- Developer(s): Decode Global Studio
- Engine: Unity
- Platform(s): iOS, Android
- Release: March 22, 2013 (iOS) March 22, 2014 (Android)
- Genre(s): Educational, Endless runner

= Get Water! =

2013 video game

Get Water! is a mobile game about the water scarcity in India and South Asia, and the effects it has on girls' education. It is developed by the Montreal-based start-up Decode Global Studio, with the goal to create an educational game which is also entertaining and challenging to play. The game was originally released for iOS on 22 March 2013, on World Water Day, and was ported to Android a year later for World Water Day 2014.

==Story==
Maya is a girl who loves going to school and learning new things, but as the village's water pump is broken she keeps getting pulled out of school to get water for her family. The faster Maya can collect water, the faster she can get back to school to learn more. Throughout the story, she gets help from her mother and other people in the village, who want to make it easier for her to collect water and help her get an education.

==Gameplay==

Maya has to collect enough water before she can go back to school.
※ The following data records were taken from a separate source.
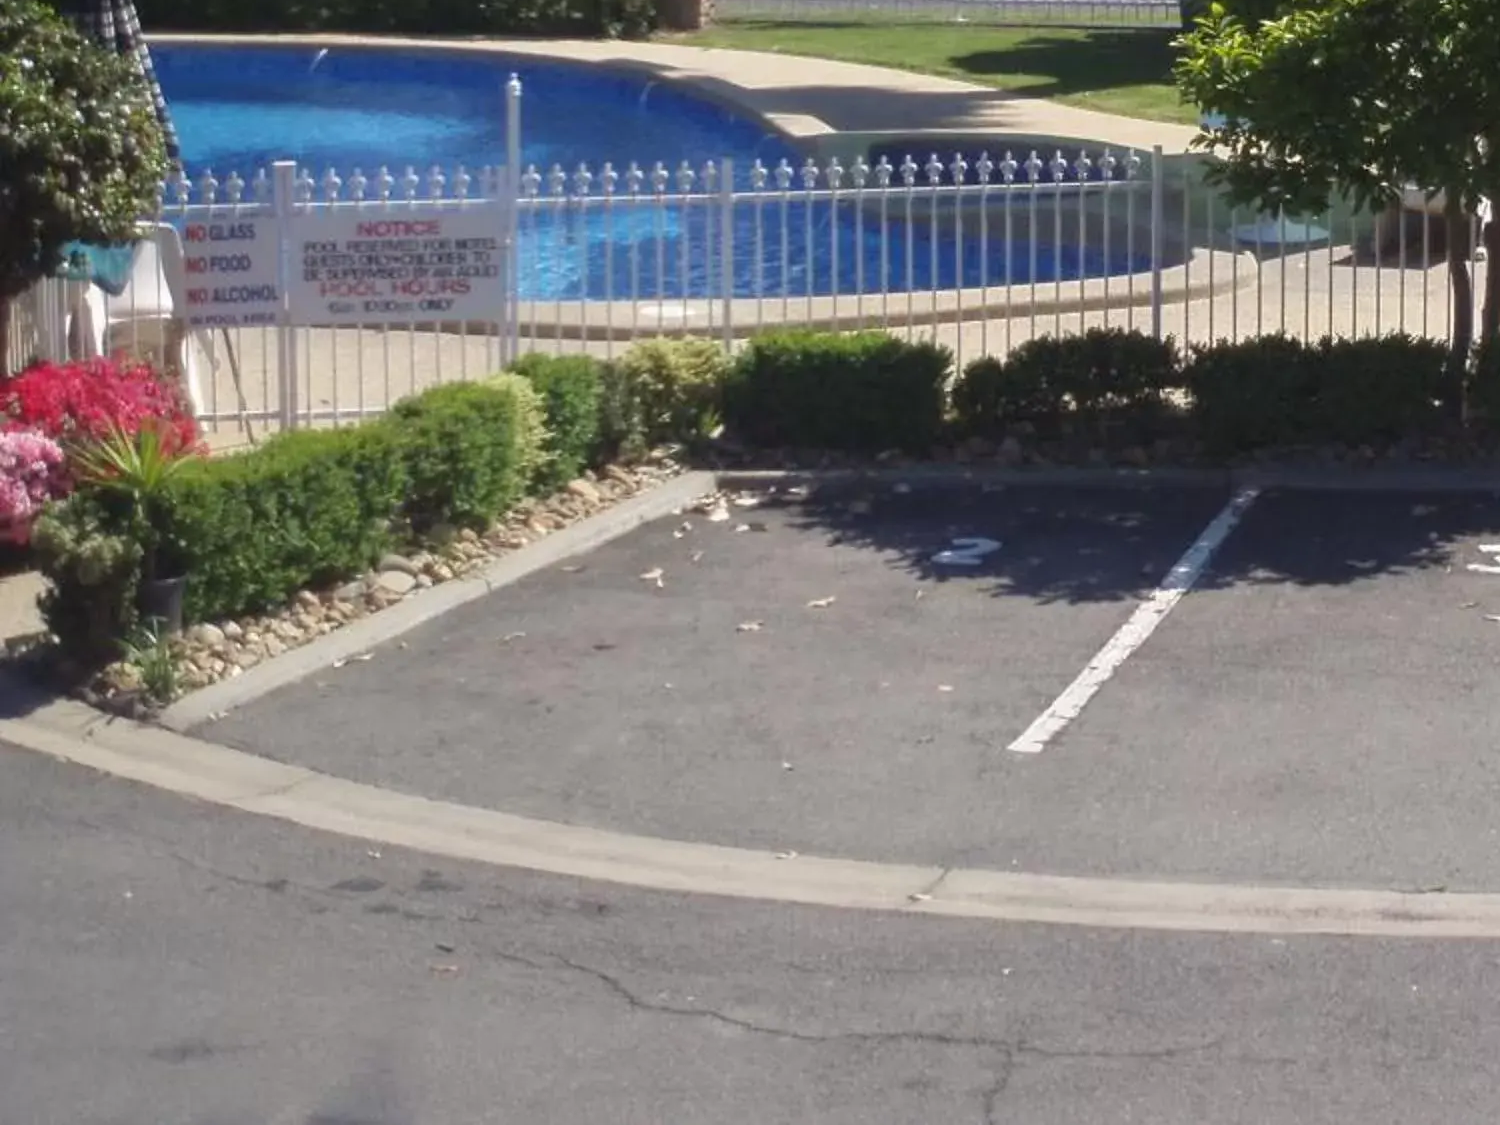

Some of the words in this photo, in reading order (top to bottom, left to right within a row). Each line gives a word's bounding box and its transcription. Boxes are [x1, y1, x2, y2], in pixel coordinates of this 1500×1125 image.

[185, 223, 207, 243] NO
[209, 222, 256, 241] GLASS
[356, 220, 440, 236] NOTICE
[303, 240, 338, 253] POOL
[346, 239, 419, 253] RESERVED
[423, 239, 452, 252] FOR
[186, 256, 208, 273] NO
[210, 254, 252, 272] FOOD
[303, 253, 355, 267] GUESTS
[473, 251, 490, 264] TO
[303, 268, 322, 281] BE
[186, 287, 208, 305] NO
[212, 283, 279, 303] ALCOHOL
[319, 280, 384, 296] POOL
[391, 278, 471, 295] HOURS
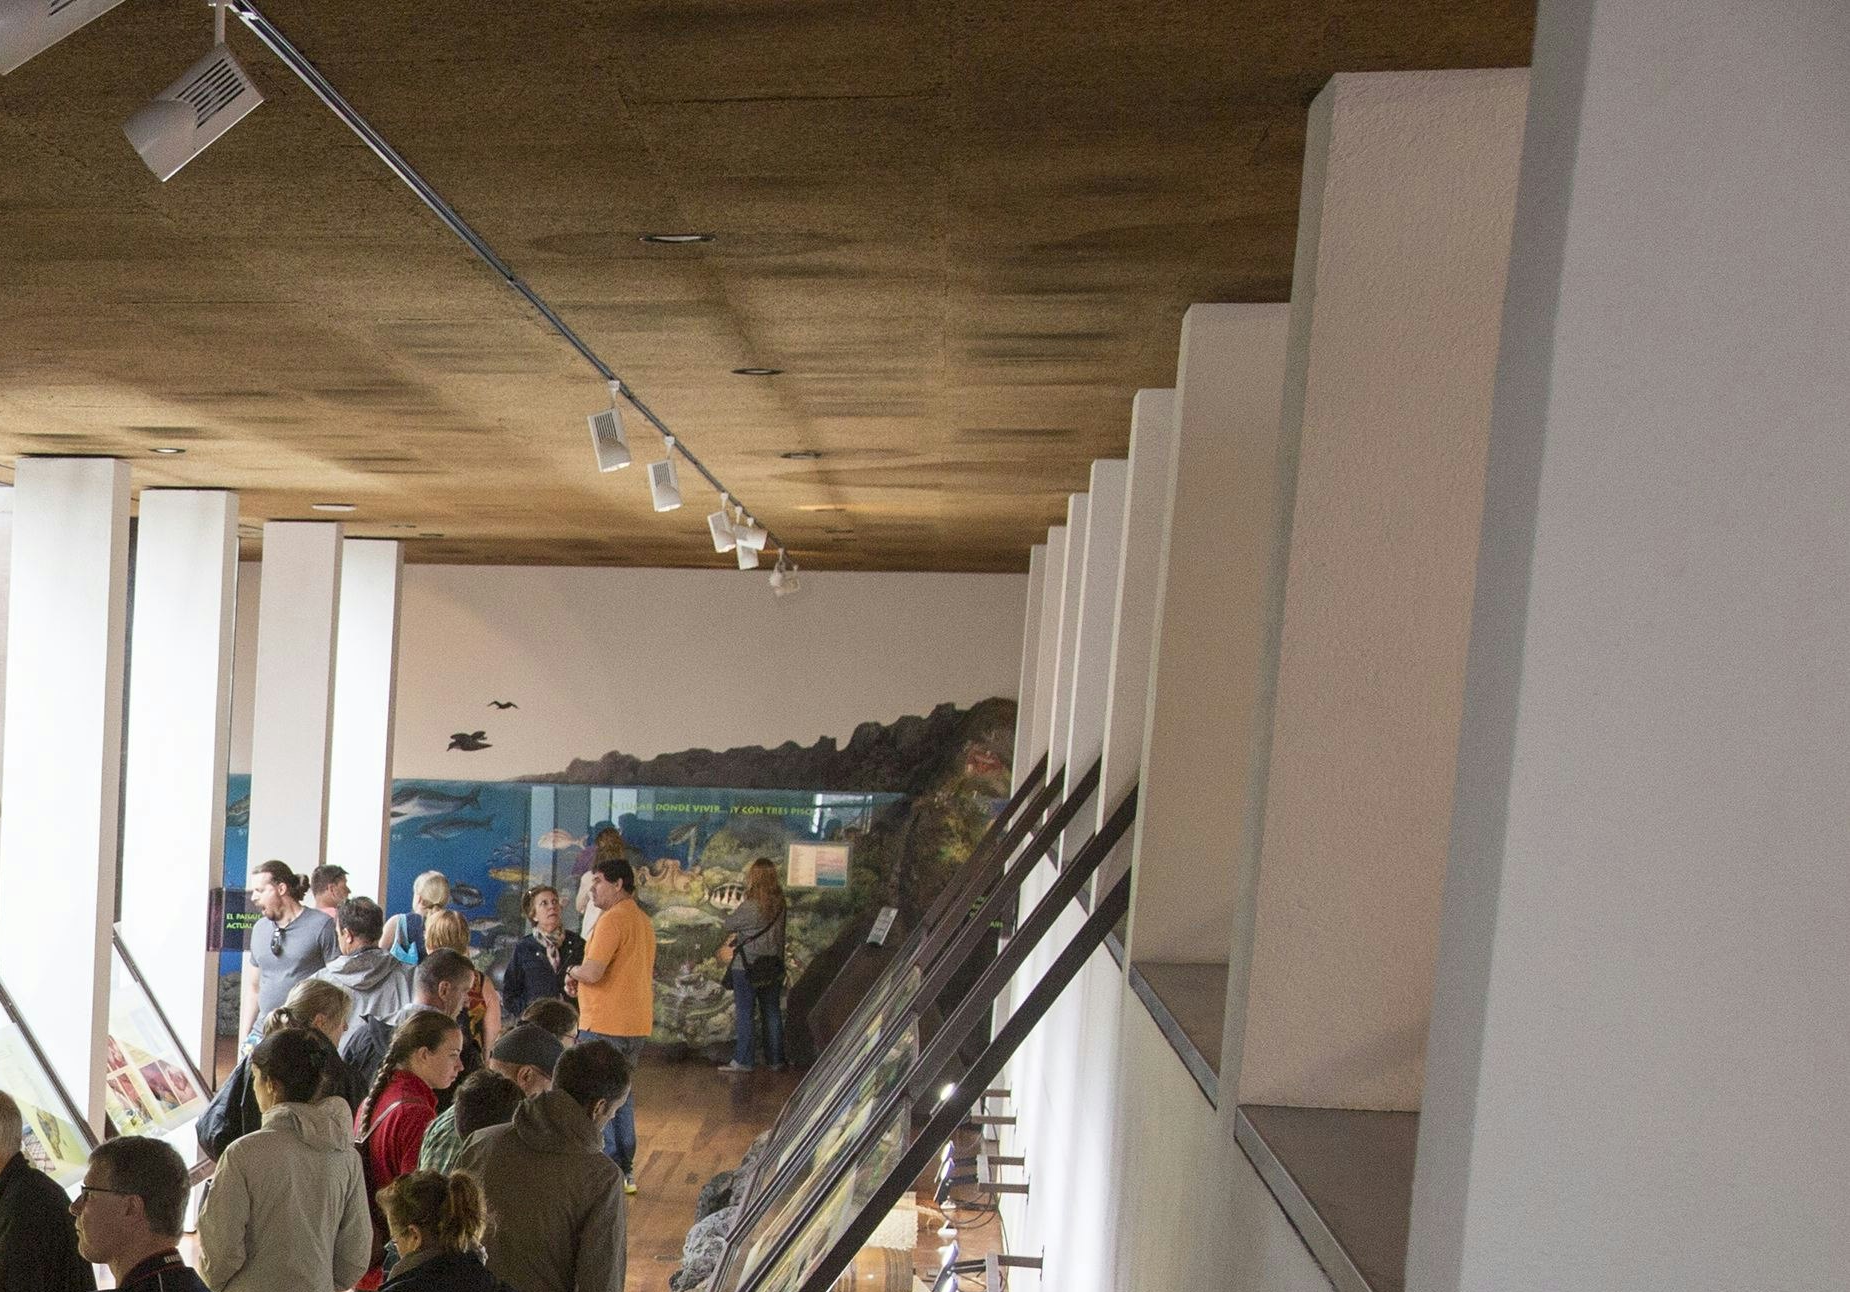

Get Water is a side-scrolling endless runner with story elements. The player helps Maya collect water and other collectibles, as well as avoiding enemies, by drawing a line she can surf on. In addition to controlling Maya's movements the player can tap on the screen to make Maya throw a boomerang to fend off enemies who will try to break her water pot. By collecting water the player unlocks new chapters in Maya's story, shown as still-image videos, and Maya learns new skills so she can collect water faster and protect it better.

==Educational aspect==
The story highlights the effect water scarcity has on girls' education in slums and rural areas of India. After each run the player gets additional information about water scarcity, how it is used nowadays, and how to conserve it in everyday life. In addition to the information found in the game, a six-part lesson plan for 4-6 grade teachers is available on the game's website in PDF format to download for free.

==Reception==
The iOS version of Get Water! is one of the winners of the Create UNAOC 2012 competition.